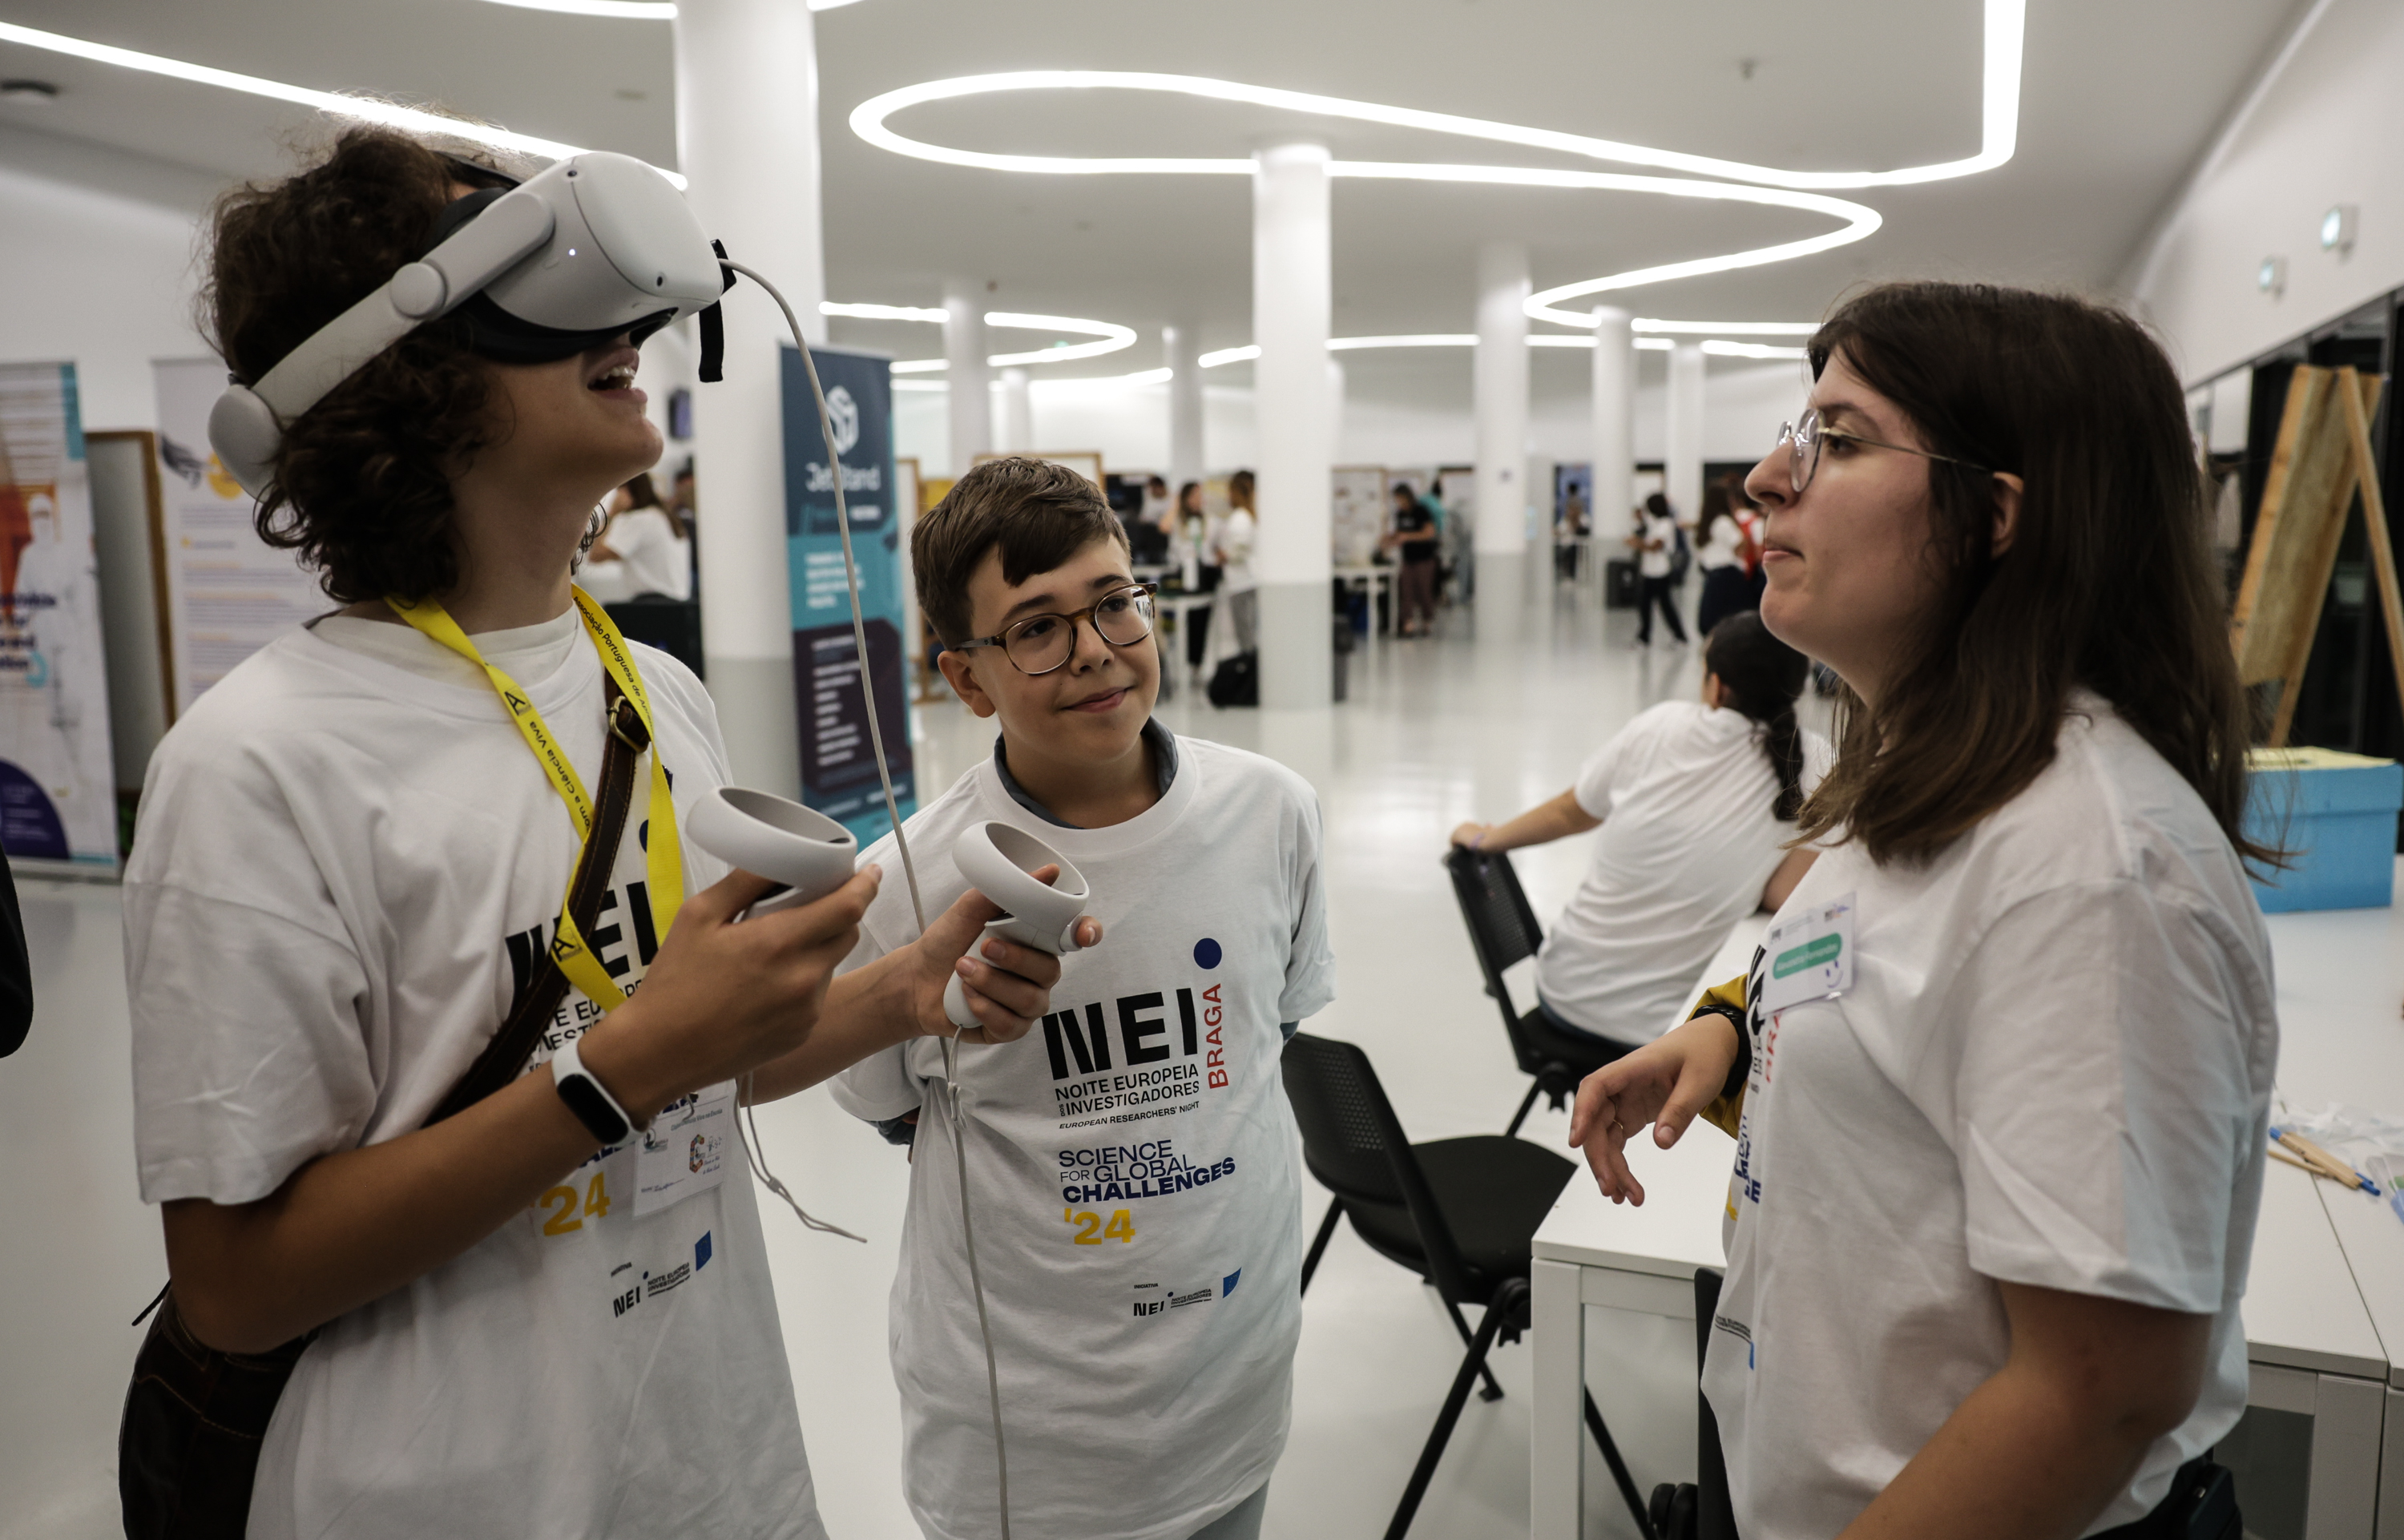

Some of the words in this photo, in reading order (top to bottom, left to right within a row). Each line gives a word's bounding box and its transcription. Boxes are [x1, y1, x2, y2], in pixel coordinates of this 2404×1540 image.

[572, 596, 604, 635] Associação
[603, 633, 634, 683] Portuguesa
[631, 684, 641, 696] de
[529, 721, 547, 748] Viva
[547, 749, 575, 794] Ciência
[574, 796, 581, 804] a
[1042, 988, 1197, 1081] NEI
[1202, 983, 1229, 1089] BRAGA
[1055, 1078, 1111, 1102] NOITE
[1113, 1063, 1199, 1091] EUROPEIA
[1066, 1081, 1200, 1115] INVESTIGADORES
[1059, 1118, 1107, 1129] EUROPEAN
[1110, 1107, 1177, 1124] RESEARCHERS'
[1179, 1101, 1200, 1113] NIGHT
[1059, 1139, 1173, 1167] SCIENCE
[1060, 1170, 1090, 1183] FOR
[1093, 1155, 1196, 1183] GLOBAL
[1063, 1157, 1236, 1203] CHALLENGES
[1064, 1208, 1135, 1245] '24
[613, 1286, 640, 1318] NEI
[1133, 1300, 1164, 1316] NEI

■ ■ ■ ■ ■ ■ ■

- WORK ITEM: Leaving out the pictures, output each line above exactly as it is.

- RESPONSE TO THIS TASK:
Some of the words in this photo, in reading order (top to bottom, left to right within a row). Each line gives a word's bounding box and its transcription. Boxes are [x1, y1, x2, y2], in pixel coordinates of this 2404×1540 image.

[572, 596, 604, 635] Associação
[603, 633, 634, 683] Portuguesa
[631, 684, 641, 696] de
[529, 721, 547, 748] Viva
[547, 749, 575, 794] Ciência
[574, 796, 581, 804] a
[1042, 988, 1197, 1081] NEI
[1202, 983, 1229, 1089] BRAGA
[1055, 1078, 1111, 1102] NOITE
[1113, 1063, 1199, 1091] EUROPEIA
[1066, 1081, 1200, 1115] INVESTIGADORES
[1059, 1118, 1107, 1129] EUROPEAN
[1110, 1107, 1177, 1124] RESEARCHERS'
[1179, 1101, 1200, 1113] NIGHT
[1059, 1139, 1173, 1167] SCIENCE
[1060, 1170, 1090, 1183] FOR
[1093, 1155, 1196, 1183] GLOBAL
[1063, 1157, 1236, 1203] CHALLENGES
[1064, 1208, 1135, 1245] '24
[613, 1286, 640, 1318] NEI
[1133, 1300, 1164, 1316] NEI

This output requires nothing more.